* [What is expected] Every record below must be retyped exactly, with the pictures left out.

* [Dataset excerpts]
────────
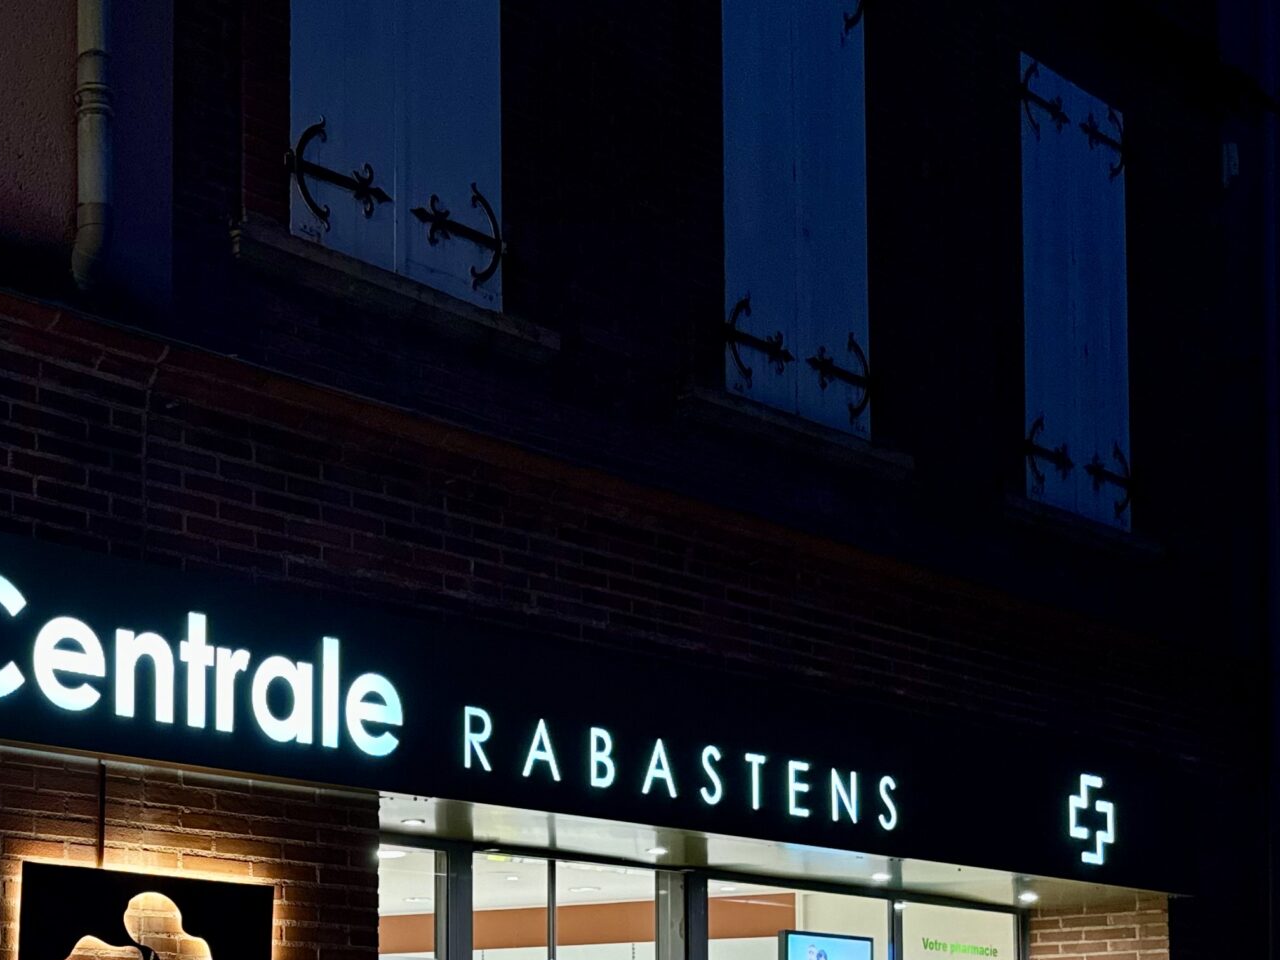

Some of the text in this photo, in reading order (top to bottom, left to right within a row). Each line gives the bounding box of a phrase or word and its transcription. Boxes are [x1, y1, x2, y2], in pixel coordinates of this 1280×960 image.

[463, 705, 901, 832] RABASTENS
[922, 937, 998, 957] Votre pharmacie
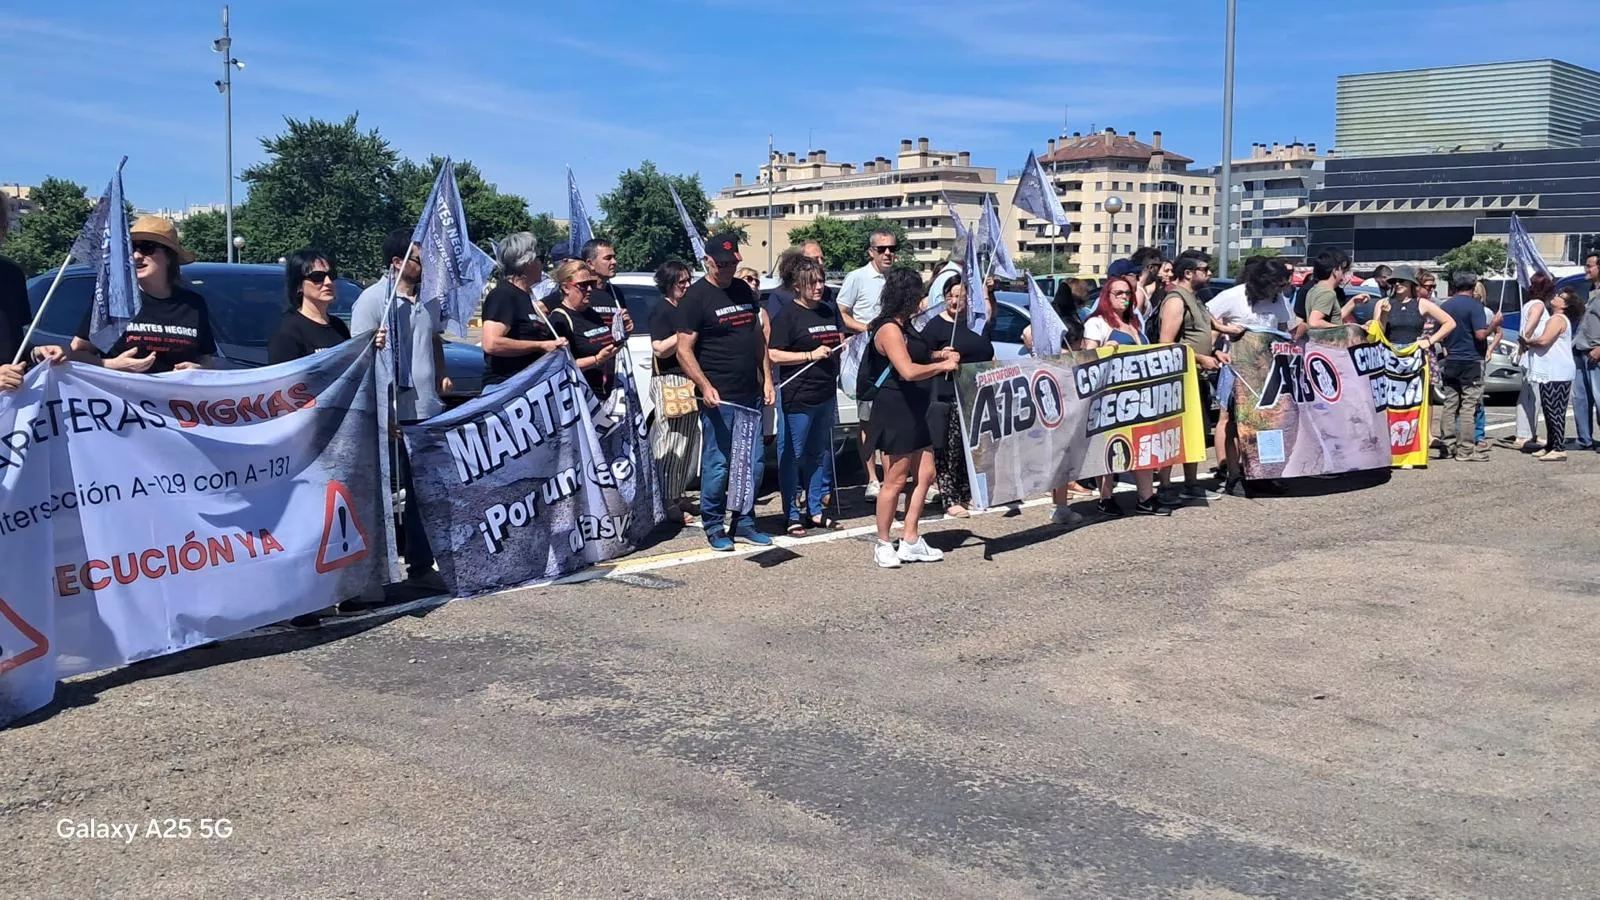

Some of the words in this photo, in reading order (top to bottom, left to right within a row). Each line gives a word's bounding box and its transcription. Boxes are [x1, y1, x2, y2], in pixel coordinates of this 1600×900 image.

[126, 322, 163, 333] MARTES
[164, 325, 198, 338] NEGROS
[169, 382, 317, 428] DIGNAS
[446, 364, 581, 485] MARTE
[1087, 381, 1183, 432] SEGURA
[131, 477, 186, 498] A-129
[194, 470, 238, 492] con
[245, 456, 290, 484] A-131
[52, 530, 235, 597] ECUCIÓN
[235, 528, 285, 559] YA
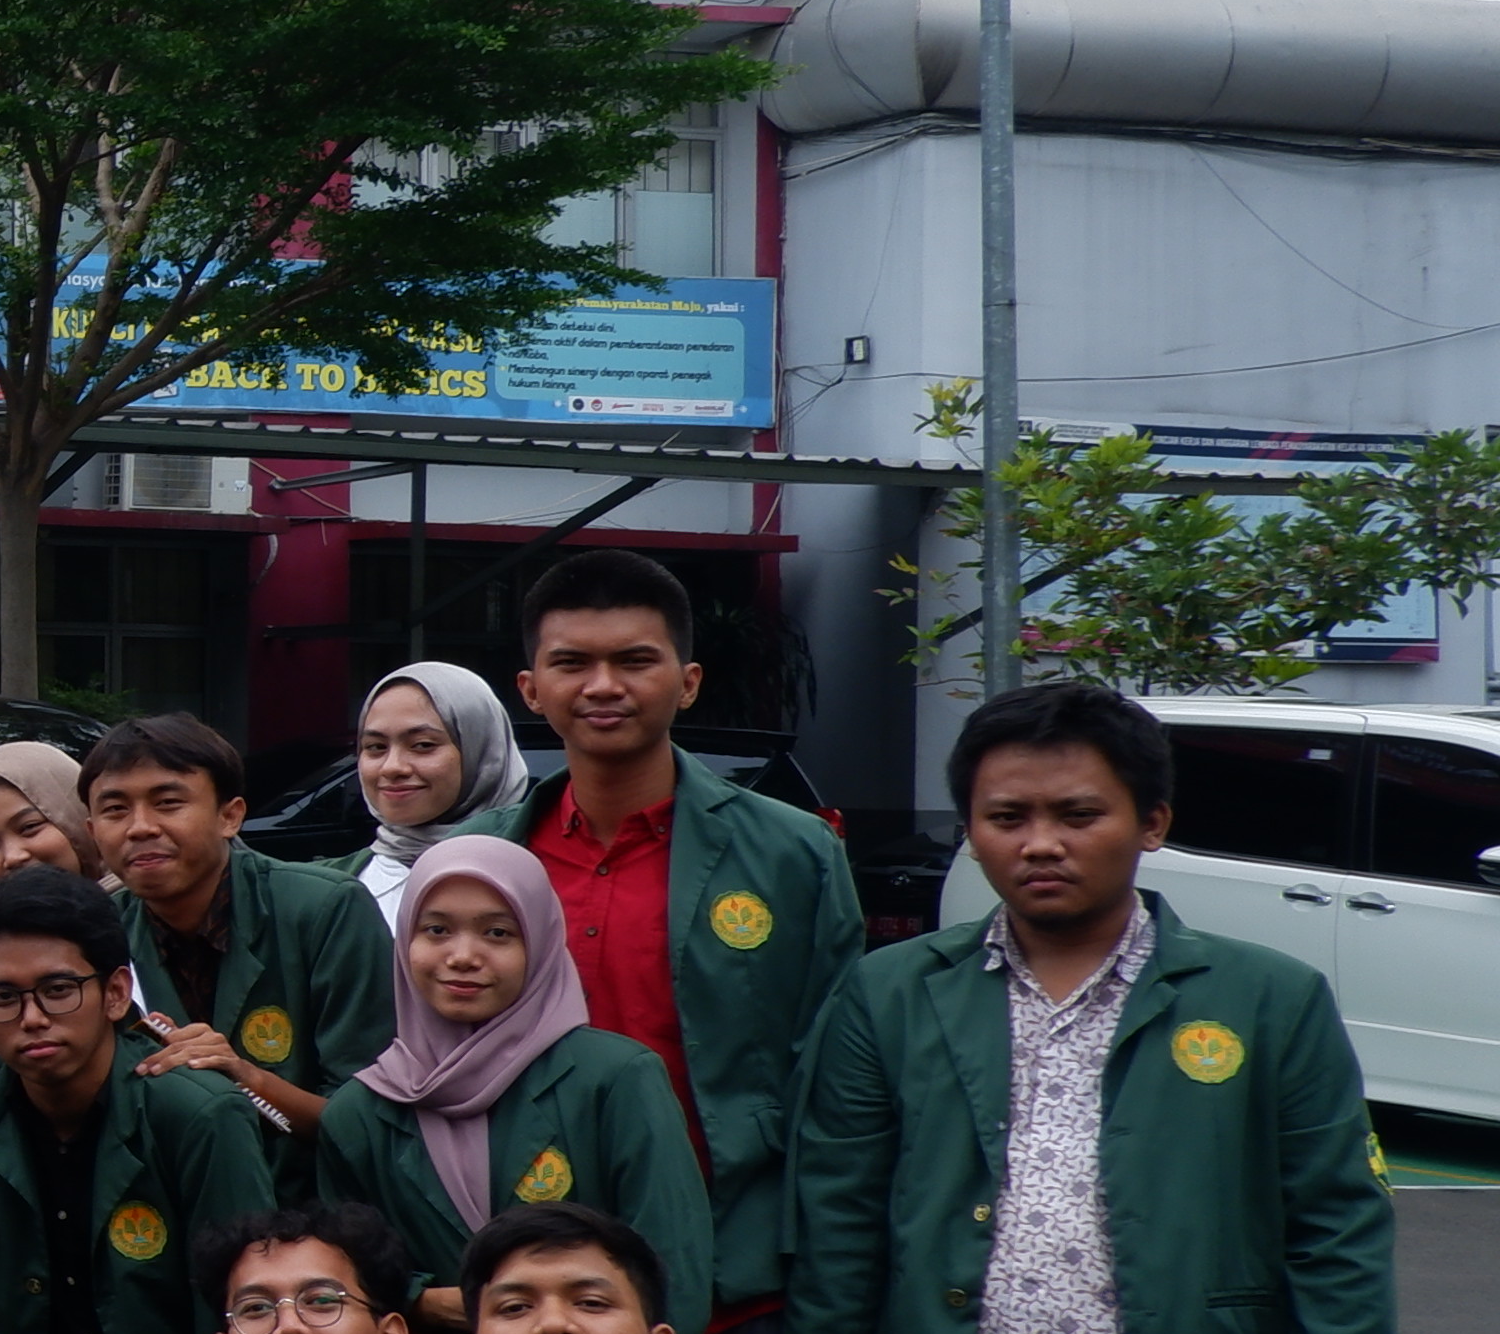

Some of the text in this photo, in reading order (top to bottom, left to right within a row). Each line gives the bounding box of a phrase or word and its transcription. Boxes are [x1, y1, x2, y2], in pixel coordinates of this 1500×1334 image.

[296, 363, 345, 392] TO
[355, 366, 486, 398] BICS
[508, 364, 566, 377] Membangun
────────
* [Expected output]
Some of the text in this photo, in reading order (top to bottom, left to right within a row). Each line gives the bounding box of a phrase or word and its transcription. Boxes are [x1, y1, x2, y2], in pixel coordinates of this 1280×960 image.

[463, 705, 901, 832] RABASTENS
[922, 937, 998, 957] Votre pharmacie

Some of the words in this photo, in reading order (top to bottom, left to right within a row). Each line gives a word's bounding box and its transcription. Boxes are [x1, y1, x2, y2], in pixel coordinates of this 1600×900 image.

[126, 322, 163, 333] MARTES
[164, 325, 198, 338] NEGROS
[169, 382, 317, 428] DIGNAS
[446, 364, 581, 485] MARTE
[1087, 381, 1183, 432] SEGURA
[131, 477, 186, 498] A-129
[194, 470, 238, 492] con
[245, 456, 290, 484] A-131
[52, 530, 235, 597] ECUCIÓN
[235, 528, 285, 559] YA

Some of the text in this photo, in reading order (top to bottom, left to right within a row). Each line gives the bounding box of a phrase or word and its transcription. Boxes are [x1, y1, x2, y2], in pixel coordinates of this 1500×1334 image.

[296, 363, 345, 392] TO
[355, 366, 486, 398] BICS
[508, 364, 566, 377] Membangun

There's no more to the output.